The Facts and the Case

On February 1, 2001 the City Government of Davao appointed petitioner Dr. Edilberto Estampa, Jr. as Medical Officer VI at its City Health Office. The position made him head of a Task Force Unit assigned to deal with any untoward event taking place in the city and Disaster Coordinator for the Davao City Health Office under the Davao City Disaster Coordinating Council.

On March 4, 2003, at around 6 p.m., a powerful bomb exploded at the passengers’ terminal of the Davao International Airport, killing 22 persons and injuring 113 others. Dr. Estampa had just arrived home at that time and was taking care of his one-year-old daughter. He learned of the bombing incident between 7 to 8 p.m. His wife arrived at 9 p.m. from her work at the Davao Medical Center where most of the bombing victims were brought for treatment. She prevailed on Dr. Estampa to stay home and he did.

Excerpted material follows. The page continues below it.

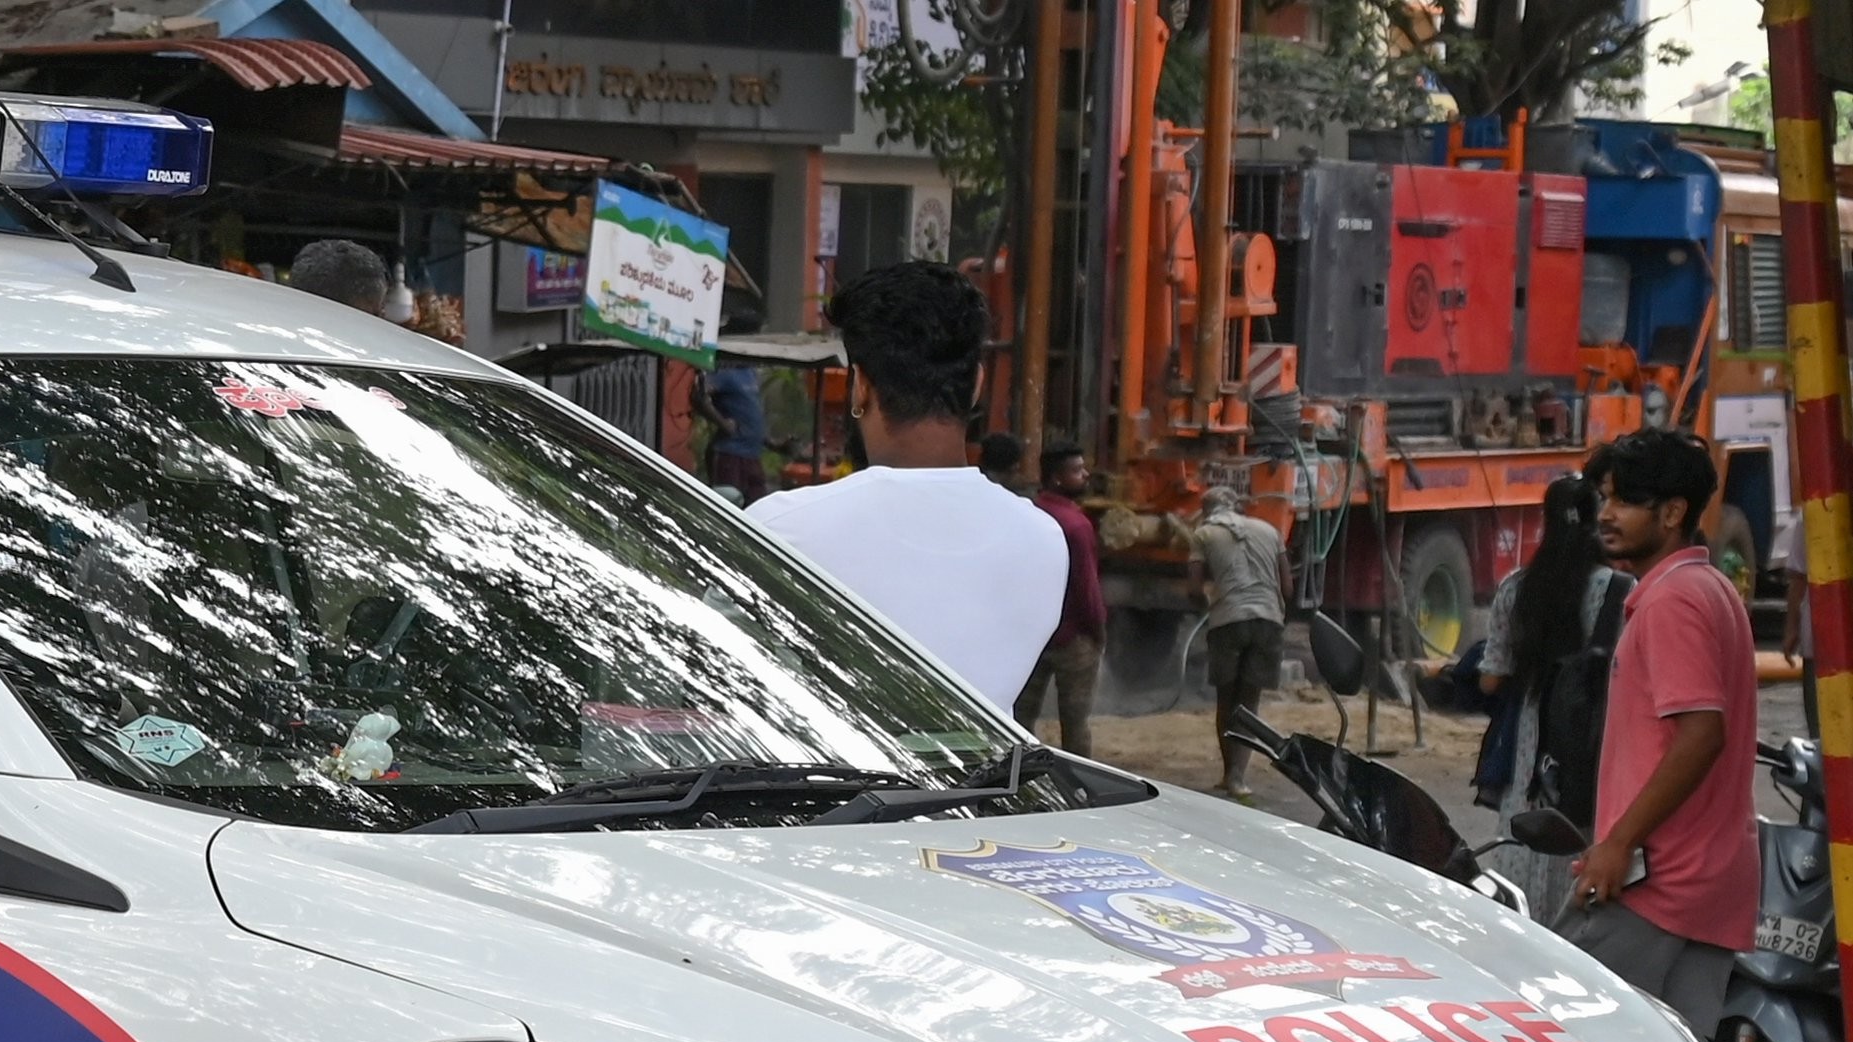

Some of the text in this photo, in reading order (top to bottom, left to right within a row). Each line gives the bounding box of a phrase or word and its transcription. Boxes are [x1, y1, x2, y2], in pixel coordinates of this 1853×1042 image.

On March 6, 2003 Dr. Roberto V. Alcantara, Officer-in-Charge of the Davao City Health Office, required Dr. Estampa to explain in writing why he failed to respond to the bombing incident. Dr. Estampa submitted his explanation. Apparently satisfied with the explanation and believing that Dr. Estampa’s presence in the aftermath of the bombing was not indispensable considering the presence of other medical practitioners, Dr. Alcantara considered the case closed. The latter did not, however, bother to endorse the case to a superior officer or to the City Legal Office with his recommendation.

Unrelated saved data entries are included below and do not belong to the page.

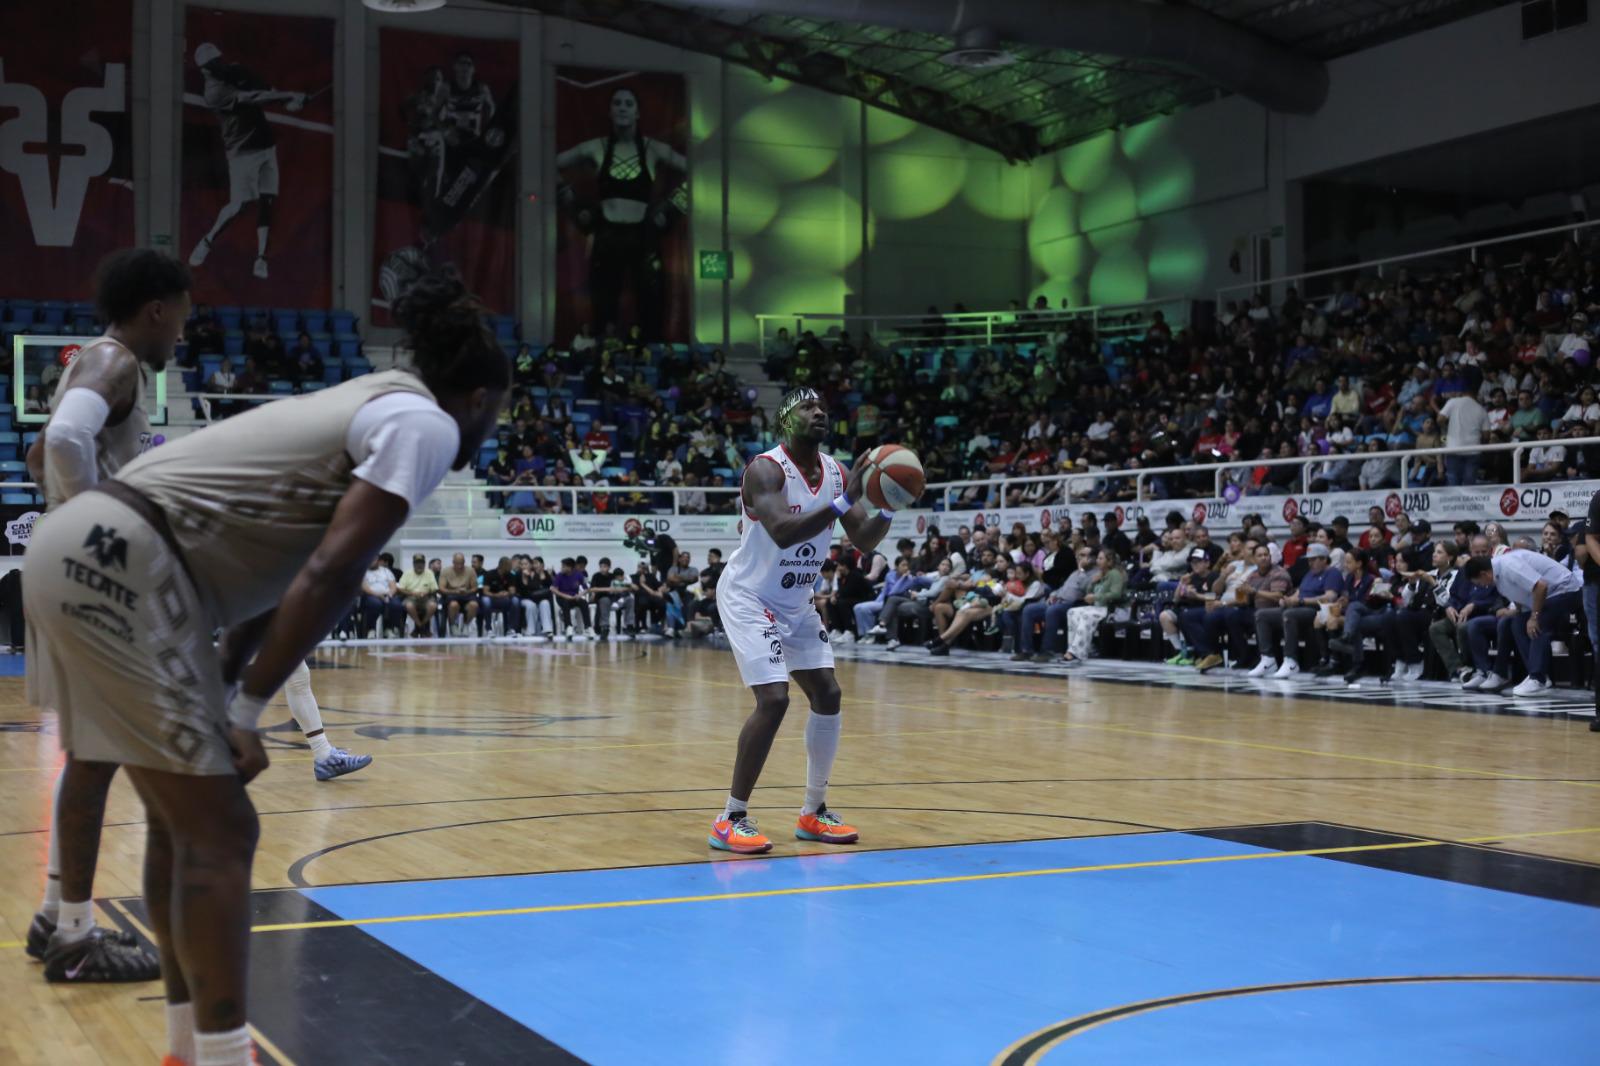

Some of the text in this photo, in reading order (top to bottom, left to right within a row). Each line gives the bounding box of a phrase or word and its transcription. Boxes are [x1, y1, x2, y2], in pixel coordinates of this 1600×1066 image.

[1403, 493, 1430, 512] UAD
[1520, 488, 1552, 508] CID
[1125, 505, 1144, 520] CID
[1207, 502, 1230, 518] UAD
[1299, 498, 1323, 516] CID
[527, 518, 554, 532] UAD
[643, 519, 670, 532] CID
[779, 559, 823, 567] Banco Aztec
[62, 557, 139, 612] TECATE

About 10 months later or on January 26, 2004 Dr. Josephine J. Villafuerte, the Davao City Health Officer, queried the head of the City’s Human Resource Management Office (HRMO) regarding the status of the case against Dr. Estampa for failing to respond to the bombing incident. Reacting to this, the HRMO endorsed the matter to the City Legal Office for verification and investigation. Subsequently, the Assistant City Legal Officer required Dr. Estampa to answer the charge against him. But he did not do so.

On March 19, 2004 the Assistant City Legal Officer submitted an Investigation Report, finding a prima facie case against Dr. Estampa for neglect of duty1 and recommending the filing of a formal charge against him. The city mayor approved the report and signed the formal charge. On receiving the same, Dr. Estampa filed his answer and supporting documents.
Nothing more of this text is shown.